- What is being asked
Give back every line of the material below exactly, but no images.

- Data for processing

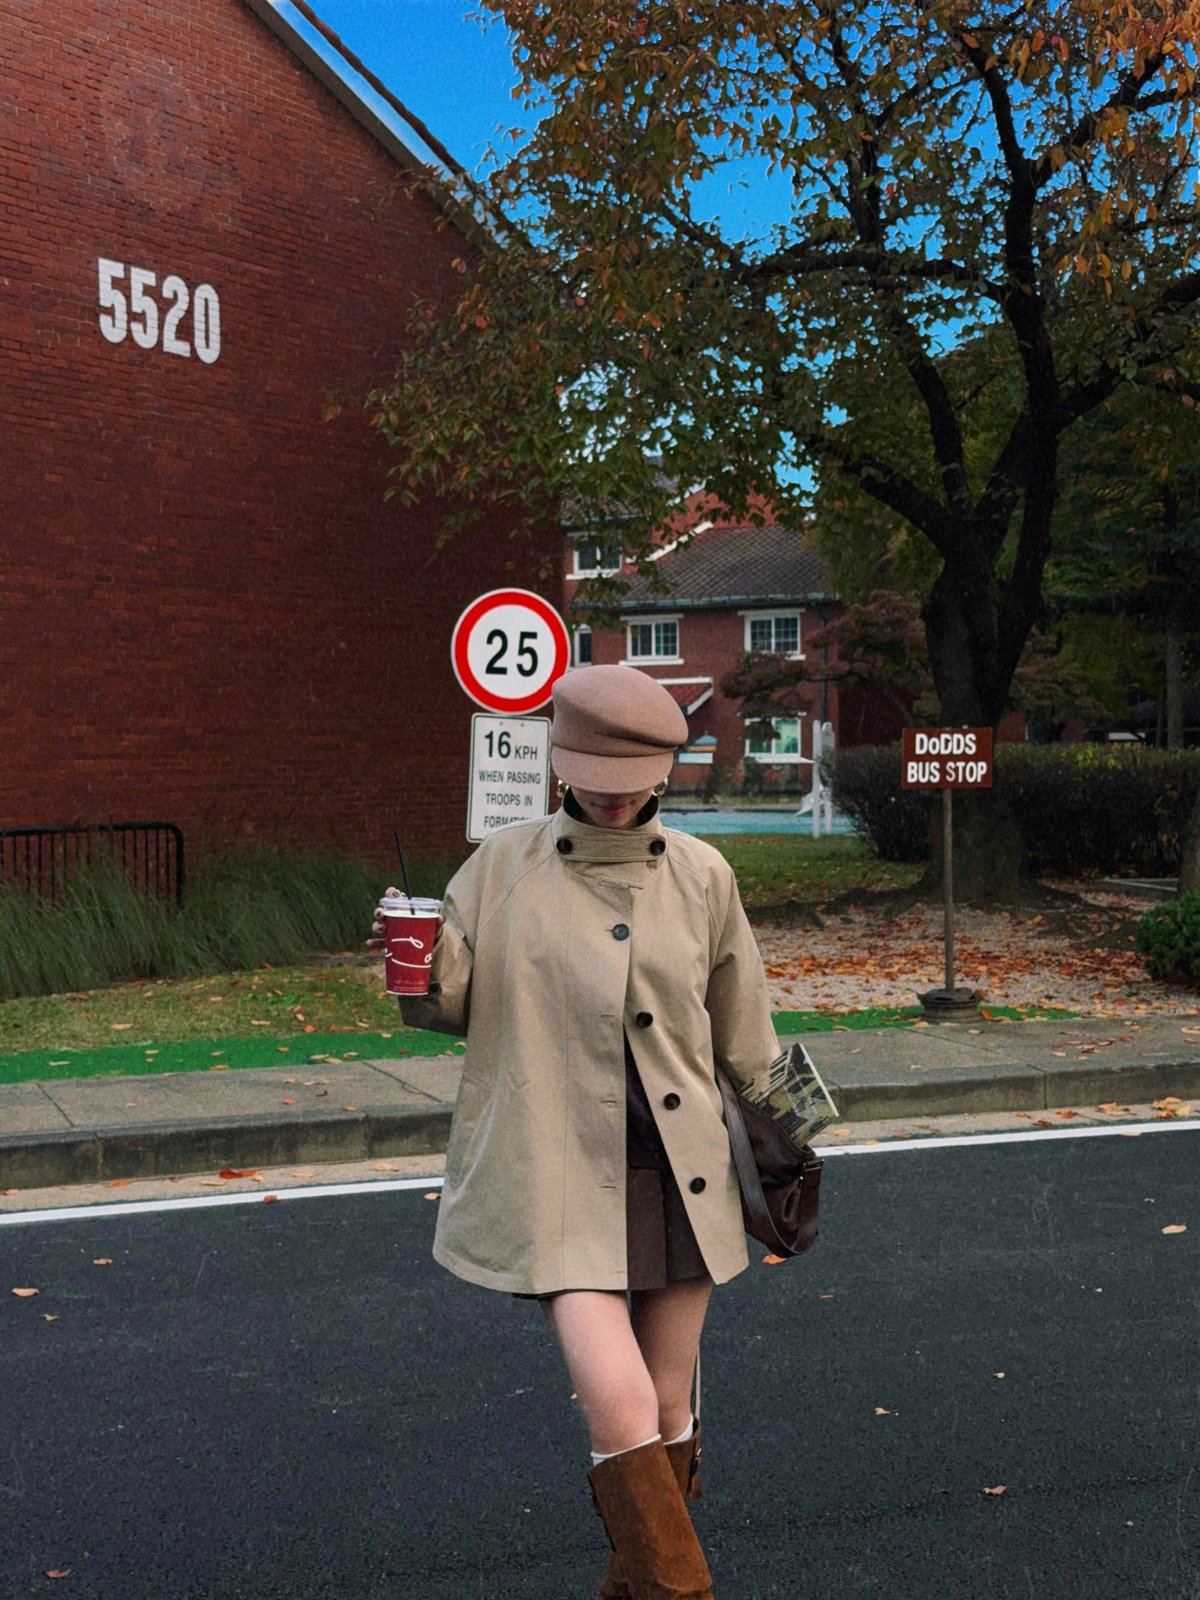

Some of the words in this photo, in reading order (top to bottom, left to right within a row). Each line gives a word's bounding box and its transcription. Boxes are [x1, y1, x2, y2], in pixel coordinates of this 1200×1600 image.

[98, 257, 221, 364] 5520
[485, 629, 539, 677] 25
[484, 730, 512, 759] 16
[514, 745, 538, 760] KPH
[915, 733, 977, 755] DoDDS
[479, 770, 504, 783] WHEN
[507, 771, 541, 785] PASSING
[907, 761, 941, 784] BUS
[945, 761, 988, 783] STOP
[486, 793, 521, 807] TROOPS
[524, 795, 533, 807] IN
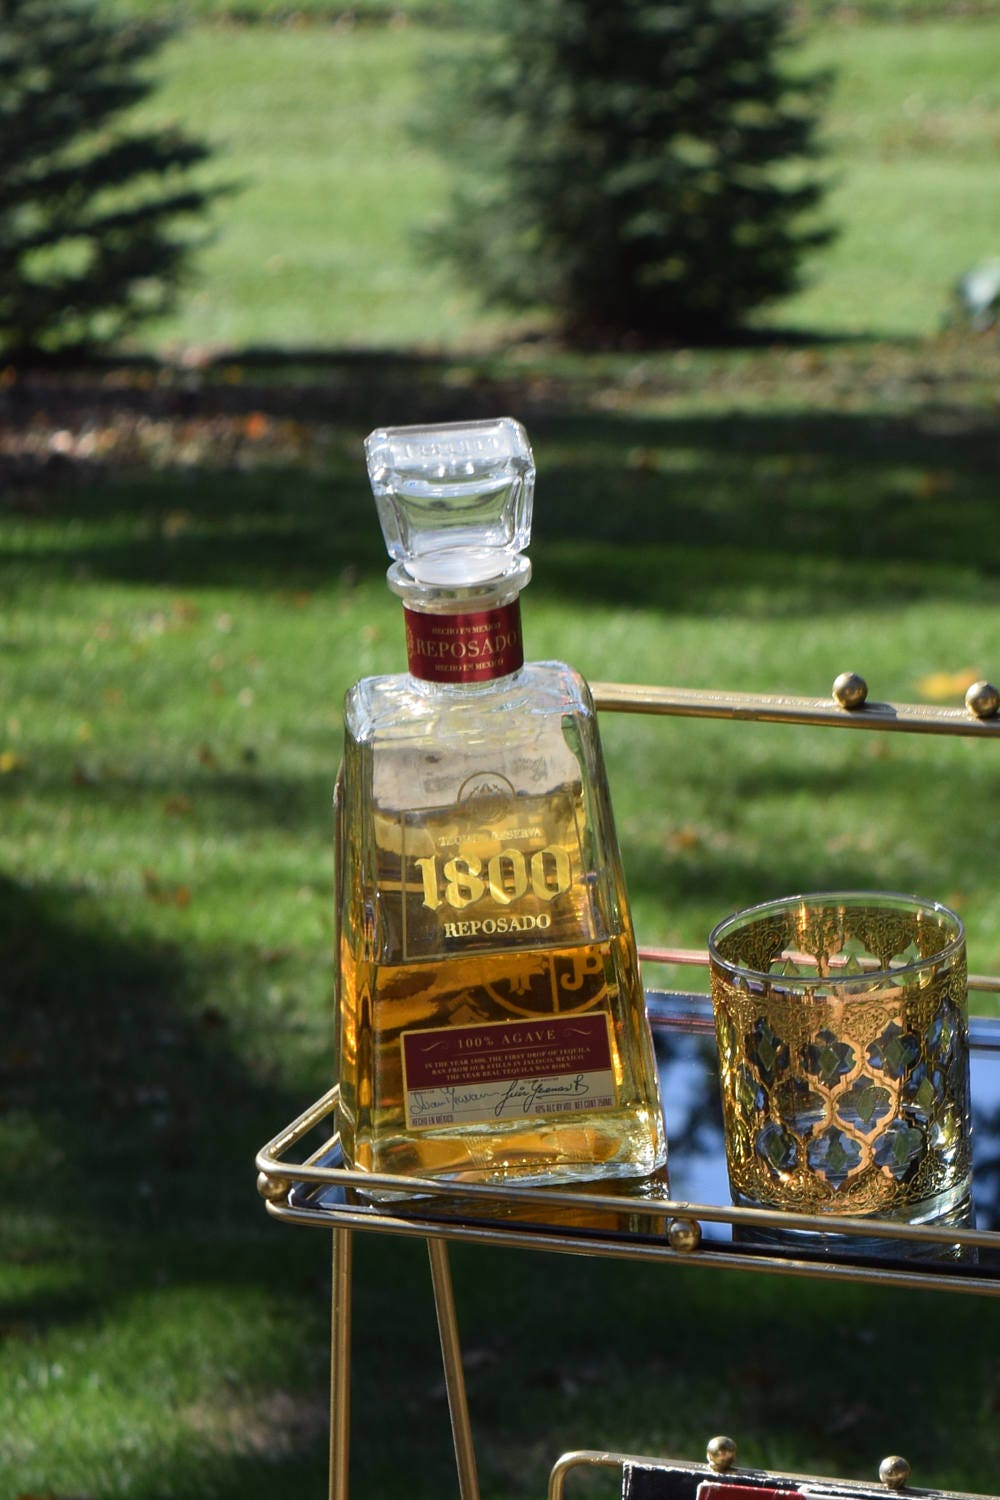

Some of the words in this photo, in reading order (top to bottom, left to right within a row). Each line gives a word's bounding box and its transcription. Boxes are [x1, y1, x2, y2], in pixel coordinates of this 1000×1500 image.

[416, 632, 517, 658] REPOSADO
[414, 845, 572, 911] 1800
[444, 914, 551, 938] REPOSADO
[458, 1036, 494, 1048] 100%
[502, 1030, 556, 1044] AGAVE

- Response for this exercise
Some of the words in this photo, in reading order (top to bottom, left to right within a row). Each line gives a word's bounding box and its transcription. Boxes are [x1, y1, x2, y2], in pixel coordinates of this 1200×1600 image.

[98, 257, 221, 364] 5520
[485, 629, 539, 677] 25
[484, 730, 512, 759] 16
[514, 745, 538, 760] KPH
[915, 733, 977, 755] DoDDS
[479, 770, 504, 783] WHEN
[507, 771, 541, 785] PASSING
[907, 761, 941, 784] BUS
[945, 761, 988, 783] STOP
[486, 793, 521, 807] TROOPS
[524, 795, 533, 807] IN

Some of the words in this photo, in reading order (top to bottom, left to right within a row). Each line gives a word's bounding box and its transcription. Boxes are [x1, y1, x2, y2], in pixel coordinates of this 1000×1500 image.

[416, 632, 517, 658] REPOSADO
[414, 845, 572, 911] 1800
[444, 914, 551, 938] REPOSADO
[458, 1036, 494, 1048] 100%
[502, 1030, 556, 1044] AGAVE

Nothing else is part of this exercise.